When do dark kitchens need the sanitizing light of local consumer safety oversight?

Never, according to Montana Gov. Greg Gianforte, Republican, and Sen. Greg Hertz, R-Polson. This is the clear message sent to the public when Gianforte signed Hertz’s myopicaly negligent homemade food bill into law May 2 (Senate Bill 202). It’s a throwback not to 1923, but 1823 when consumer safety regulations were almost nonexistent at any government level throughout the United States.

The outcome for consumers will likely be additional preventable illnesses and possibly death. I already investigated and documented one outbreak with my colleagues. We attributed the cause to the previous version of this law. There will be more, but it’s likely we might never know of them, unless they are reported.

The 2023 version of this law prohibits operators of local farmers markets from establishing their own rules to protect consumers. Prior to May 2, wise operators of farmers markets allowed safer homemade canned foods and disallowed others that might be sources for botulism. This is the disease caused by the most potent neurotoxin known to humans. Food botulinum toxin is too often found in improperly canned homemade foods that are low in acidity and high in moisture content, such as most vegetables and fruits. 

The dark kitchen law welcomes any and all such homemade foods, no questions asked. It is absent any and all local authority, reasonability or science, based solely on a nonsensical and unreasonable antigovernment agenda. It concentrates authority to the state legislature. 

But Gianforte and Hertz are not the ultimate source of the dark kitchen law, legally titled the “Montana Local Food Choice Act.” The dark kitchen law has 2011 origins, under a “local” marketing gimmick, wrapped in a “food freedom” flag ruse, perpetuated by the libertarian political advocacy group, “Americans for Prosperity” (AFP). The conservative group AFP was founded in 2004 and funded by billionaire brothers Charles and David Koch. The antigovernment movement is an extremist response to the federal “Food Safety and Modernization Act,” signed into national law by President Barack Obama on Jan. 4, 2011. After its enactment, many Rocky Mountain states have been throwing a tantrum, in an effort to drag consumers back into the dark.   

And Gianforte used to cheer local input. At least, that’s what he said in a May 24, 2017, video published by Guardian News and Media when Gianforte was a congressional candidate. 

He said: “Well, I, think that, um, one of the problems with the way these monuments were established was it did not include local input. There are certainly monuments we should have, and others have been designated without local input. And I just don’t think Montanans want bureaucrats in Washington telling us how to live our lives. (The Guardian video May 24, 2017 at 8:00 – 8:33).”

But like the dark kitchen law, Gianforte is also wrong about designation of national monuments. The Upper Missouri River Breaks National Monument in Montana was created by proclamation on Jan. 17, 2001, by President Bill Clinton for land already owned and managed by the federal government, but only after a year of massive public input from locals and non-locals on the issue. 

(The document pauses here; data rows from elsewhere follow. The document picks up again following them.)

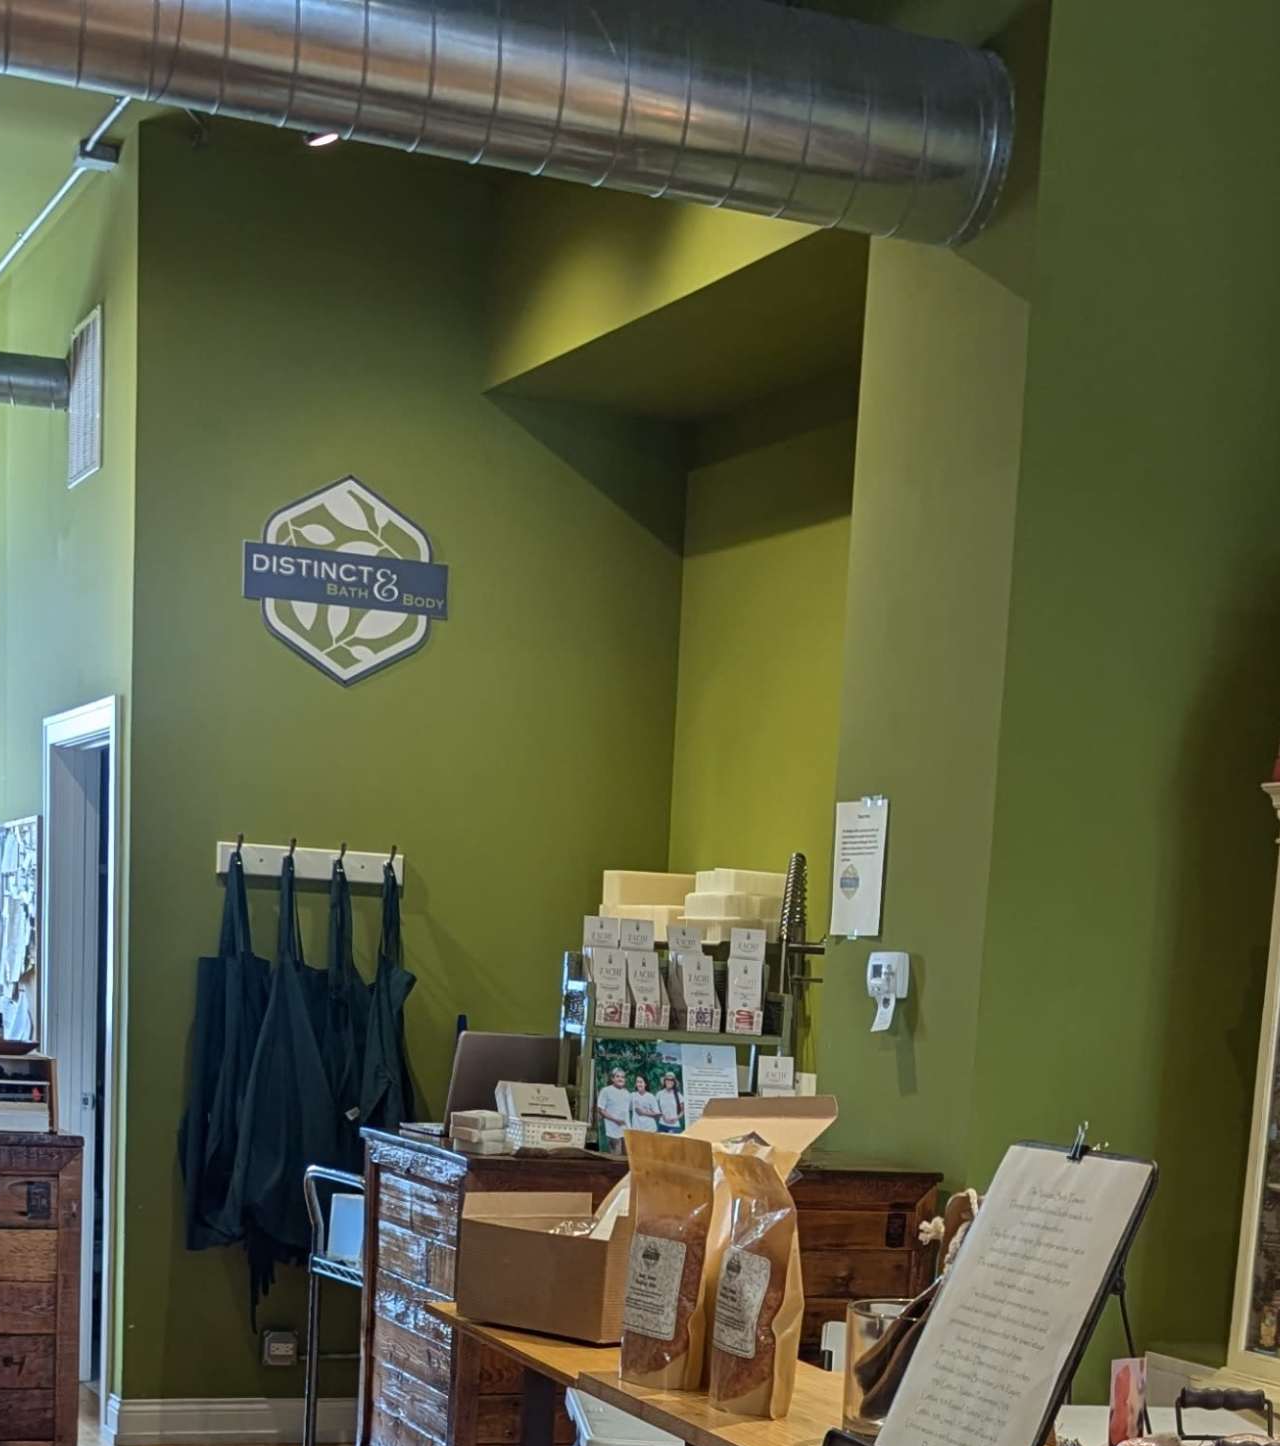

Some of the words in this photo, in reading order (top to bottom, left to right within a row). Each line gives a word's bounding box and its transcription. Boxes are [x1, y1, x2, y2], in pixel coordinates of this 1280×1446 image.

[252, 553, 373, 585] DISTINCT
[373, 567, 399, 602] &
[326, 583, 368, 599] BATH
[402, 593, 445, 610] BODY
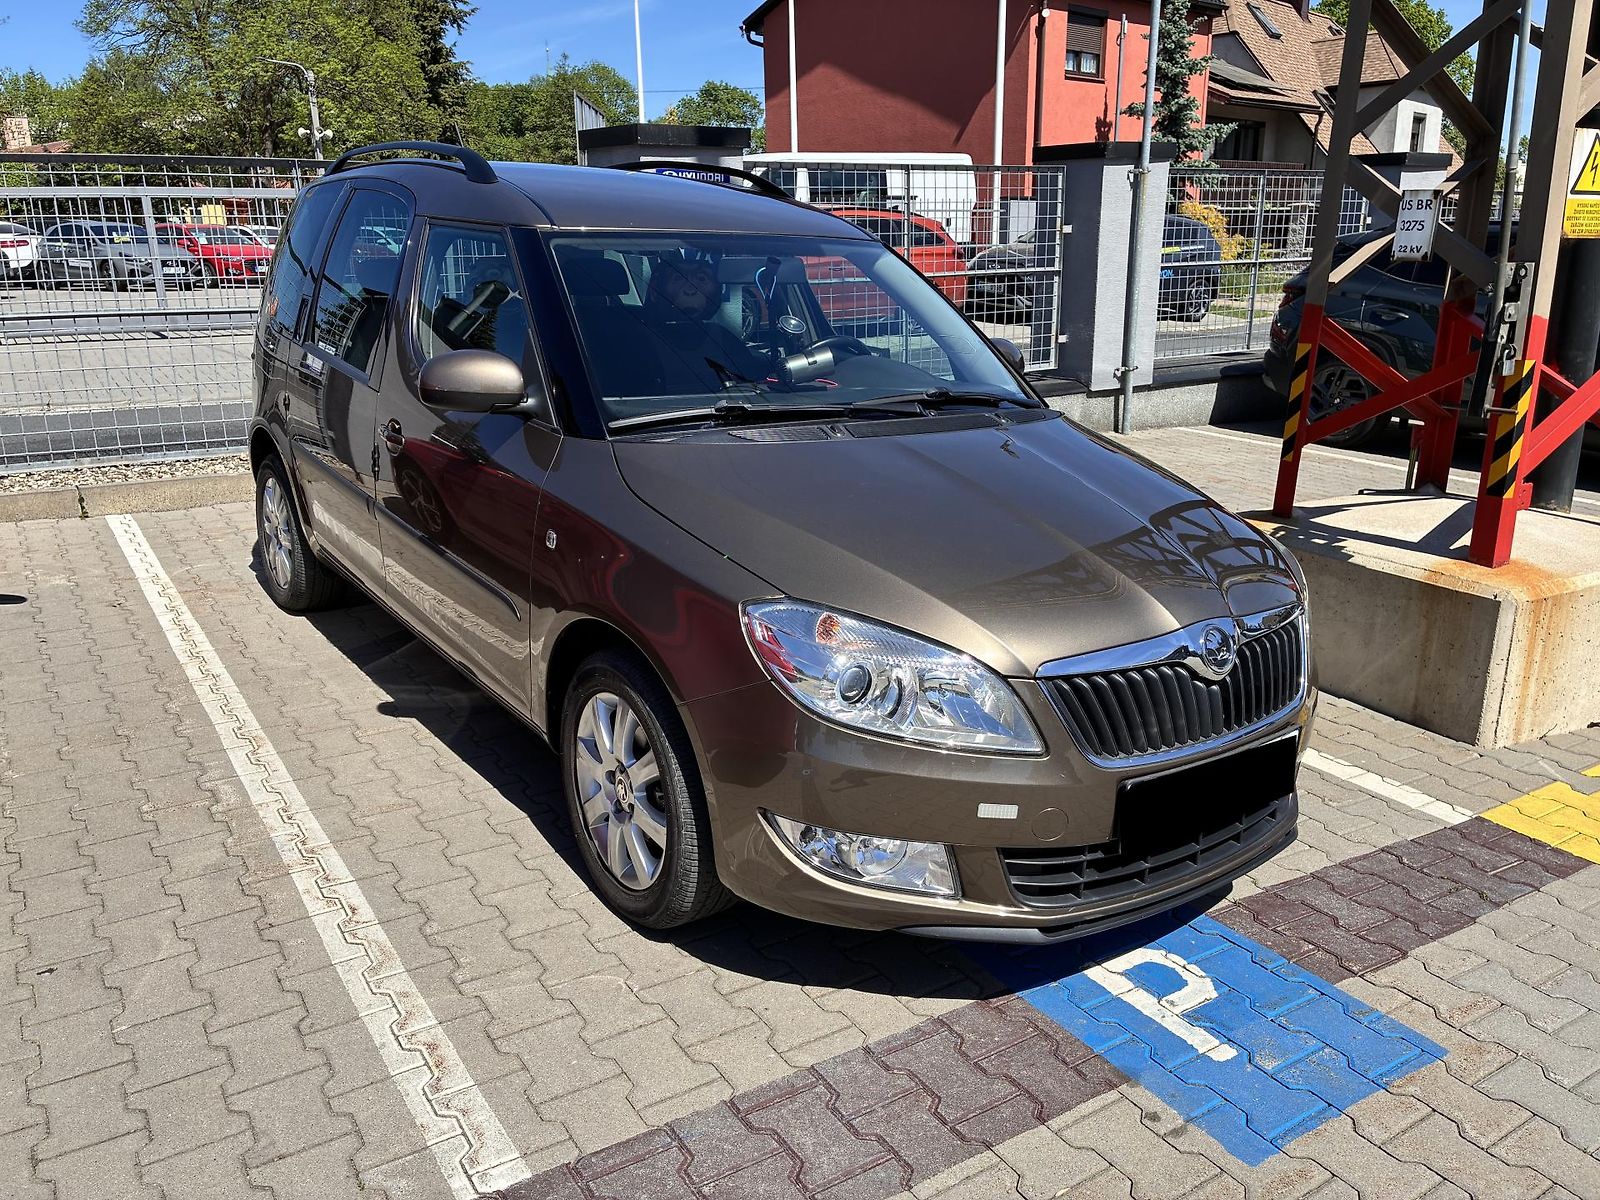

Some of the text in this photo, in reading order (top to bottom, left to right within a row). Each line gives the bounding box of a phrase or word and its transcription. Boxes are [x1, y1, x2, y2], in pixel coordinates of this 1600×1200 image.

[1401, 199, 1433, 211] US BR
[1400, 220, 1425, 231] 3275
[1398, 245, 1423, 254] 22 kV
[1082, 947, 1238, 1062] P

The only significant link between these two separate subjects of local dark kitchens and national monuments is Republican extremist responses to presidential actions, implemented by Democrats Clinton and Obama. 

If only Gianforte, and his political and administrative minions, recognized the fact that the dark kitchen law is arguably in violation of Montana’s Constitution. It fails to separate the subjects of federal jurisdictional authority from state and local jurisdictional authority, regarding both food ingredients and products. 

Gianforte and Hertz seem to believe that people are like mushrooms: better to keep them fed waste and in the dark. 

About the Author: Jeff Havens is former commercial food lead for the Montana Food and Consumer Safety Section with the Department of Public Health and Human Services where he worked for more than a decade. He has a pending complaint against the state with the Montana Human Rights Bureau.